## Input data
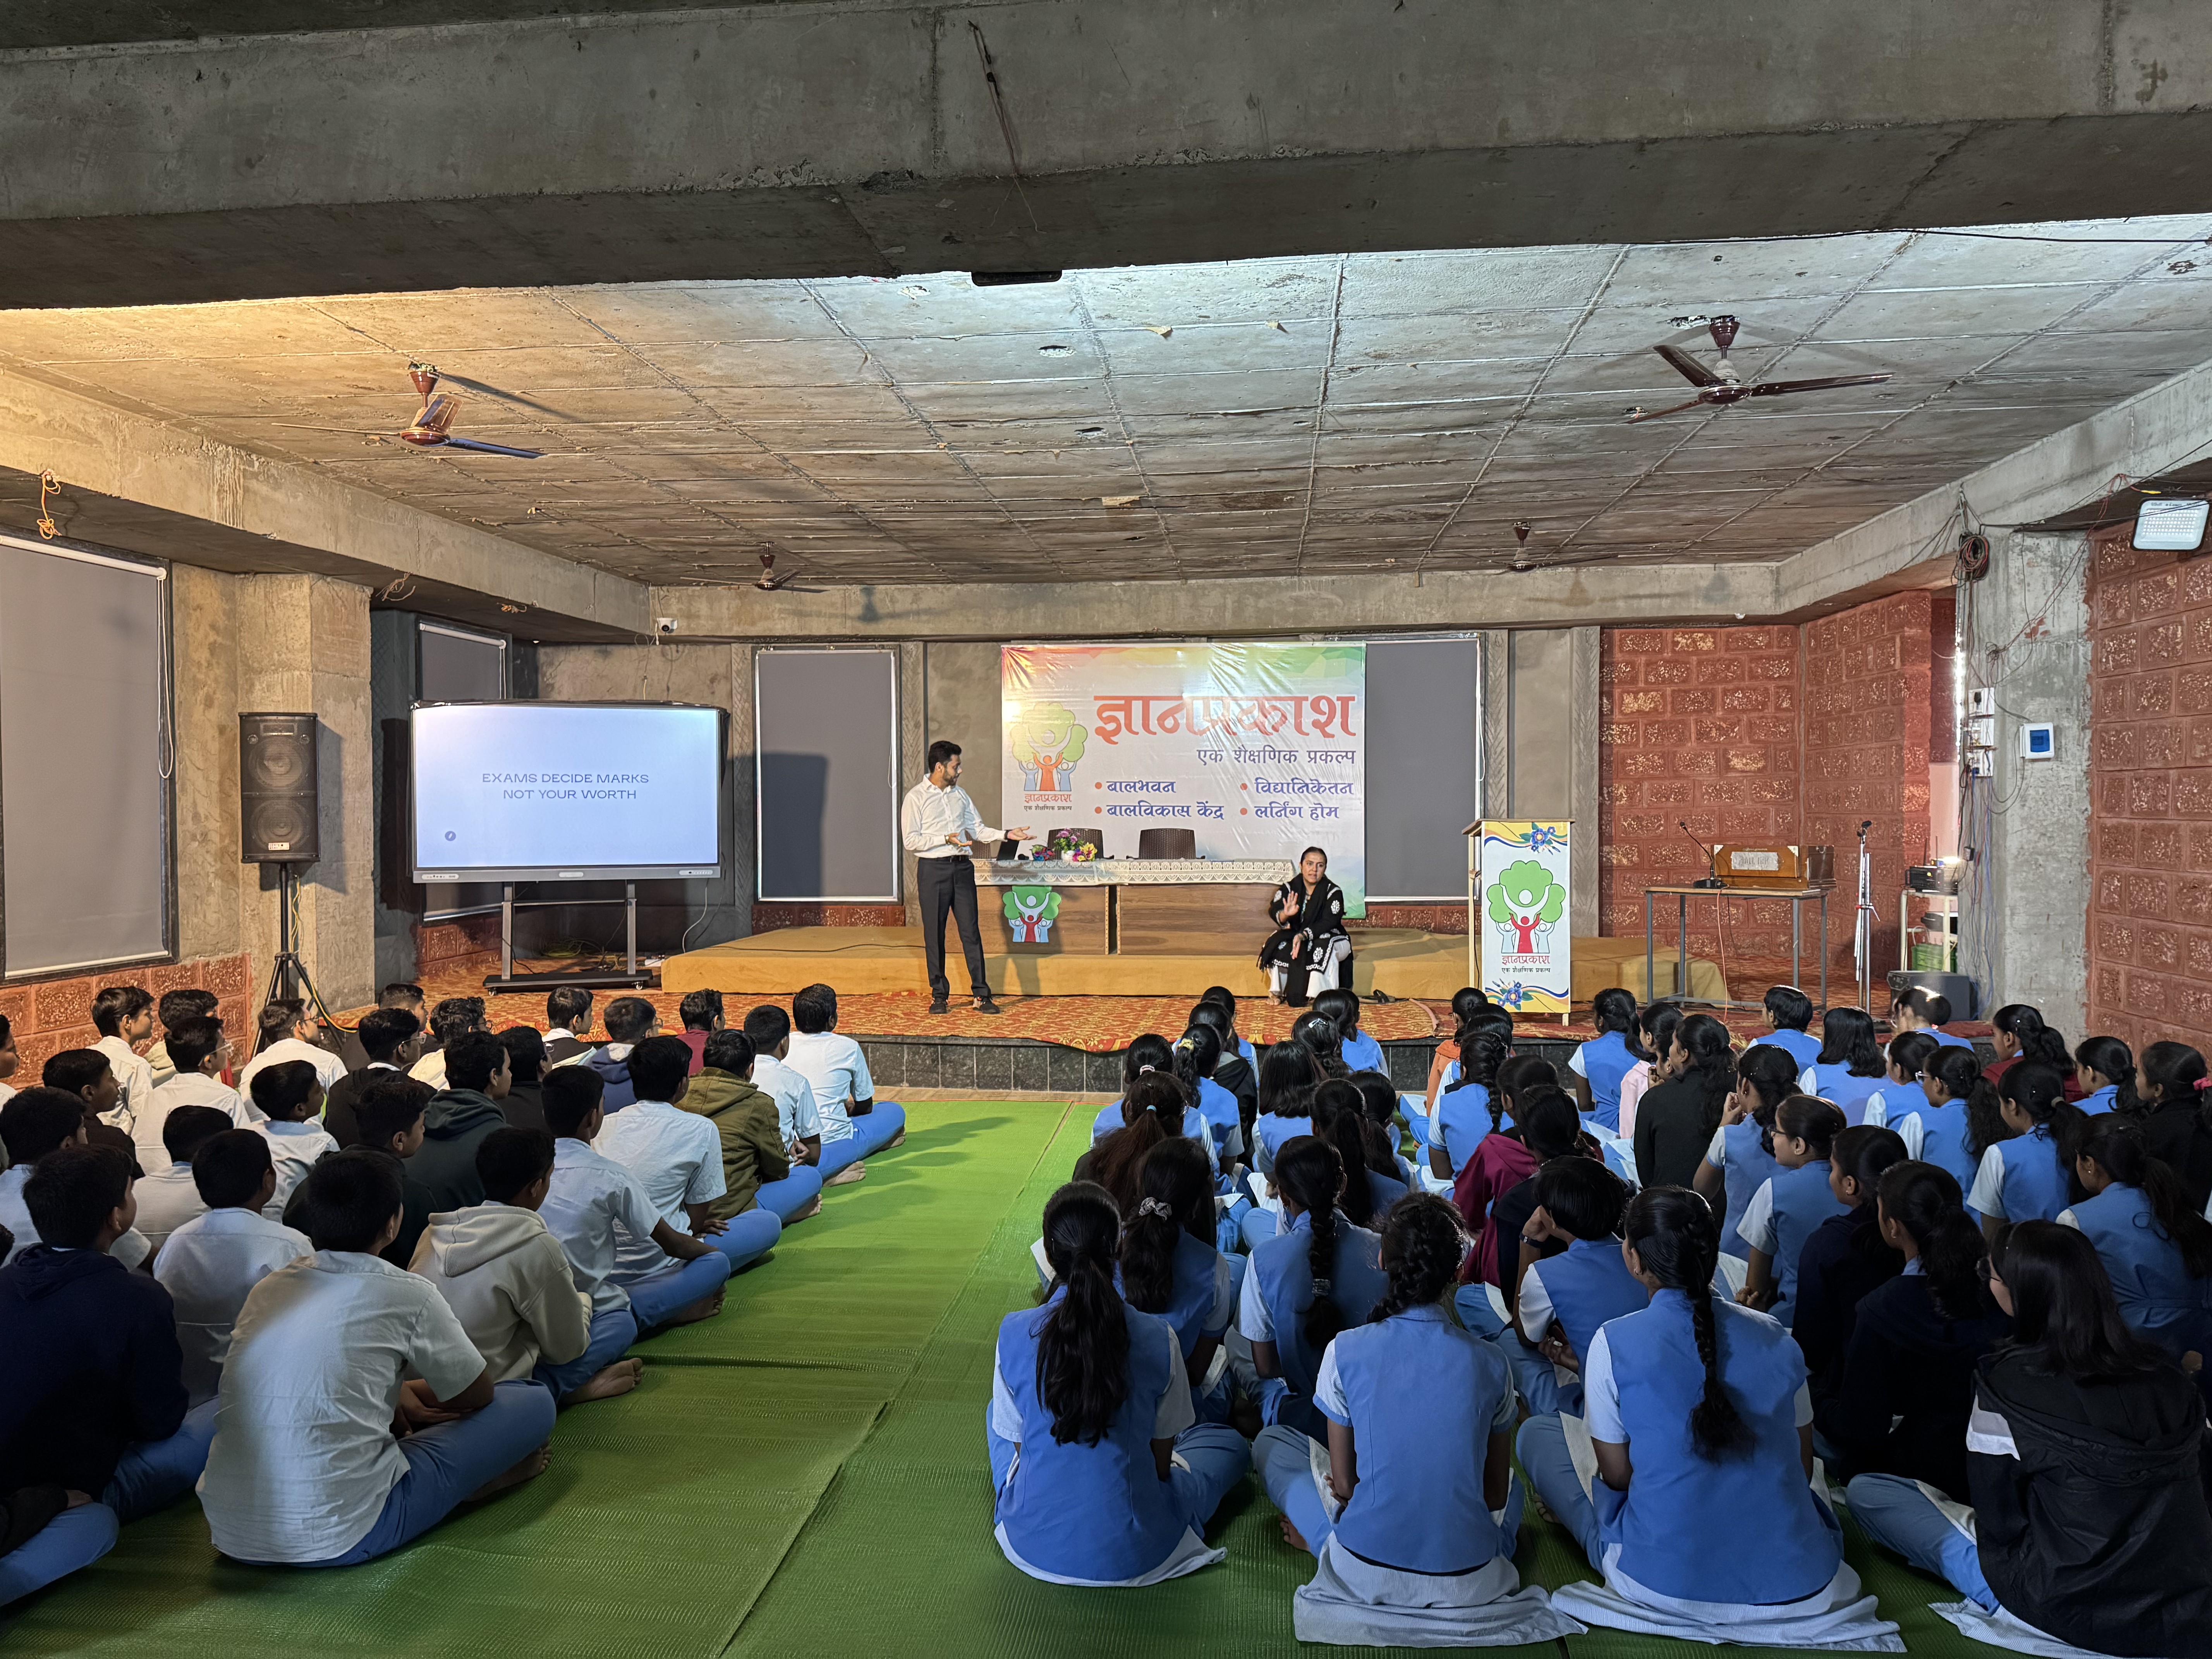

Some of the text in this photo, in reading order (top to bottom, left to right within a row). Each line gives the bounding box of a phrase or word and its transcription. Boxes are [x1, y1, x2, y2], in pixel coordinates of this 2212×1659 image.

[1094, 695, 1356, 745] ज्ञानप्रकाश
[1196, 744, 1356, 765] एक शैक्षणिक प्रकल्प
[482, 773, 649, 783] EXAMS DECIDE MARKS
[1254, 777, 1354, 794] विद्यानिकेतन
[1106, 780, 1176, 793] बालभवन
[503, 790, 636, 799] NOT YOUR WORTH
[1025, 794, 1072, 804] ज्ञानप्रकाश
[1106, 800, 1224, 820] बालविकास केंद्र
[1254, 801, 1340, 821] लर्निंग होम
[1501, 955, 1550, 965] ज्ञानप्रकाश
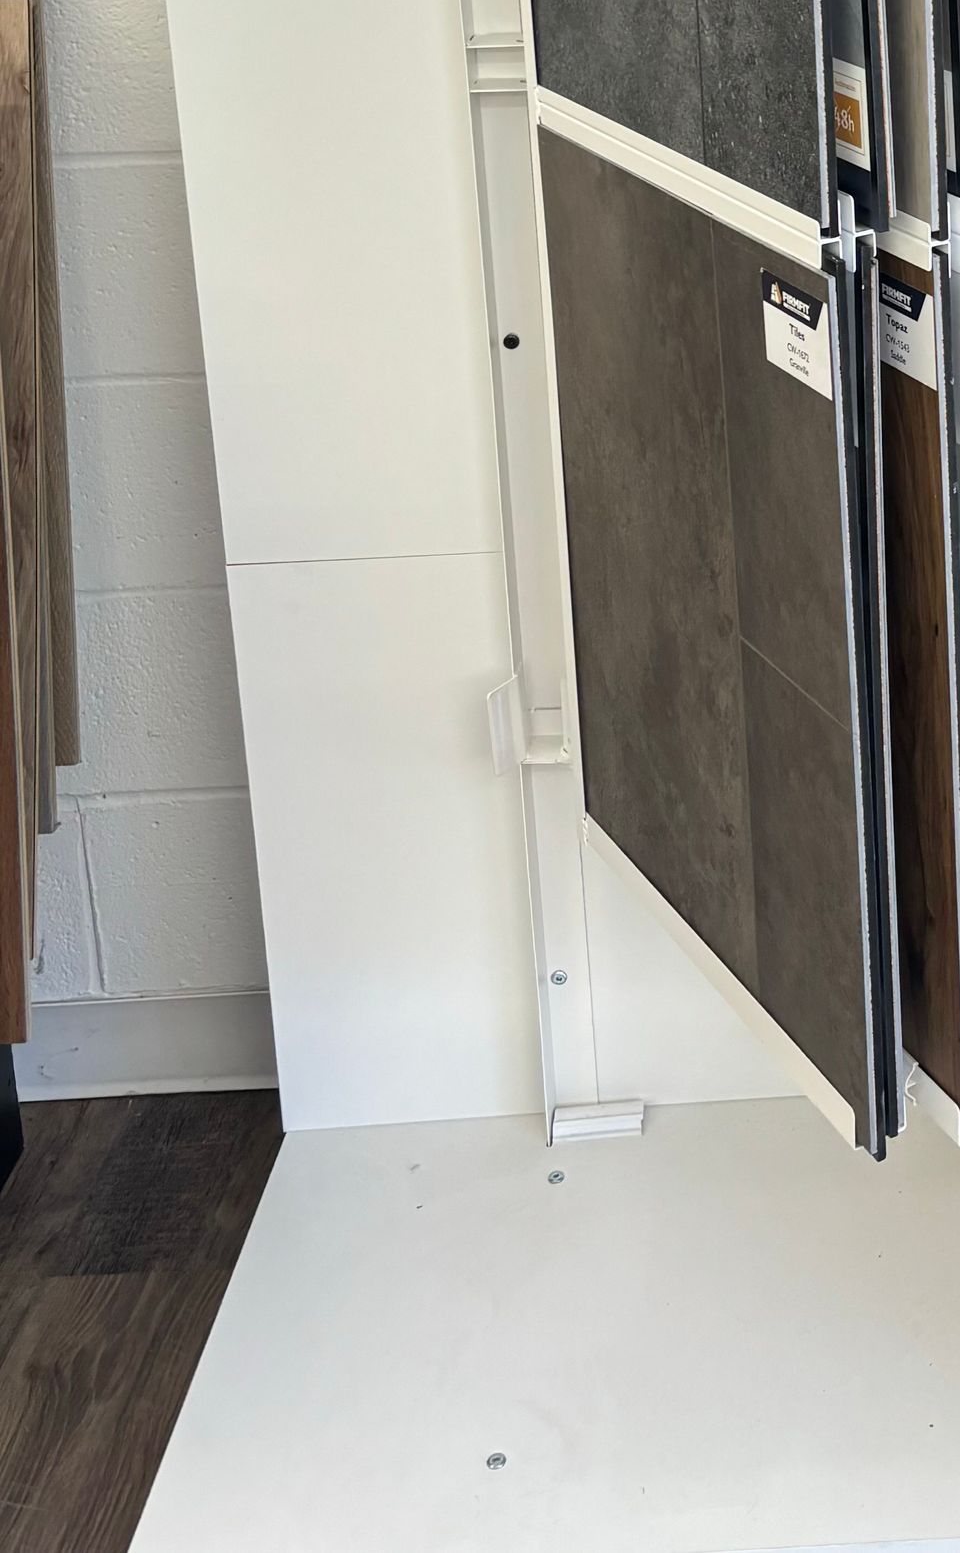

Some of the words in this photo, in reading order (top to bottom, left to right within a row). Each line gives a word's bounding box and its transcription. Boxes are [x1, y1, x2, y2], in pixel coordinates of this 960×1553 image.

[782, 290, 811, 315] FIRMFIT
[881, 282, 911, 307] FIRMFIT
[789, 323, 805, 341] Tiles
[886, 313, 908, 333] Topaz
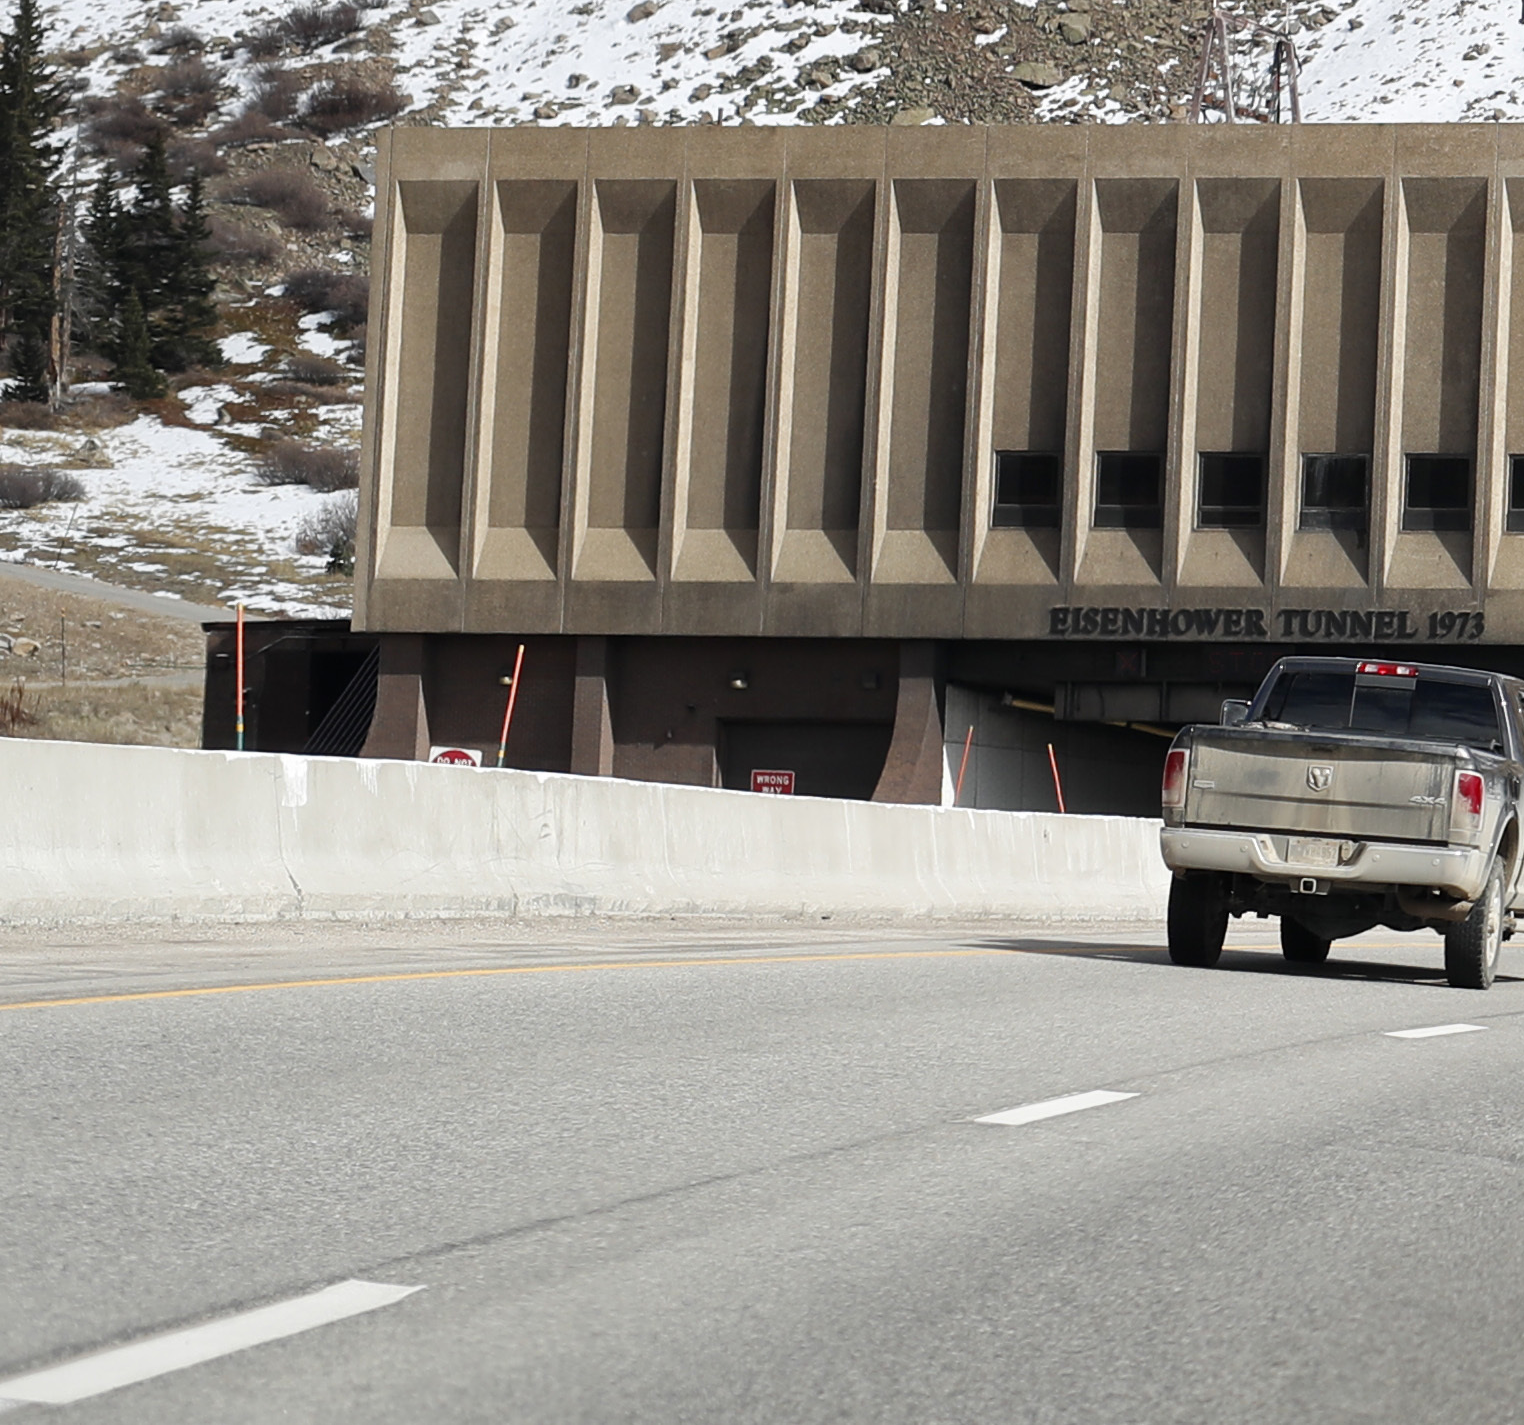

## Task to complete
Copy out the whole listing exactly. Skip its pictures.

## Answer space
Some of the text in this photo, in reading order (top to bottom, left to right within a row). Each line gives the bounding box of a phrase or word and its transcription. Boxes are [x1, y1, x2, y2], in pixel coordinates of this 2212×1659 image.

[1094, 695, 1356, 745] ज्ञानप्रकाश
[1196, 744, 1356, 765] एक शैक्षणिक प्रकल्प
[482, 773, 649, 783] EXAMS DECIDE MARKS
[1254, 777, 1354, 794] विद्यानिकेतन
[1106, 780, 1176, 793] बालभवन
[503, 790, 636, 799] NOT YOUR WORTH
[1025, 794, 1072, 804] ज्ञानप्रकाश
[1106, 800, 1224, 820] बालविकास केंद्र
[1254, 801, 1340, 821] लर्निंग होम
[1501, 955, 1550, 965] ज्ञानप्रकाश

Some of the words in this photo, in reading order (top to bottom, left to right within a row). Each line gives a word's bounding box and its transcription. Boxes are [x1, y1, x2, y2], in pixel coordinates of this 960×1553 image.

[782, 290, 811, 315] FIRMFIT
[881, 282, 911, 307] FIRMFIT
[789, 323, 805, 341] Tiles
[886, 313, 908, 333] Topaz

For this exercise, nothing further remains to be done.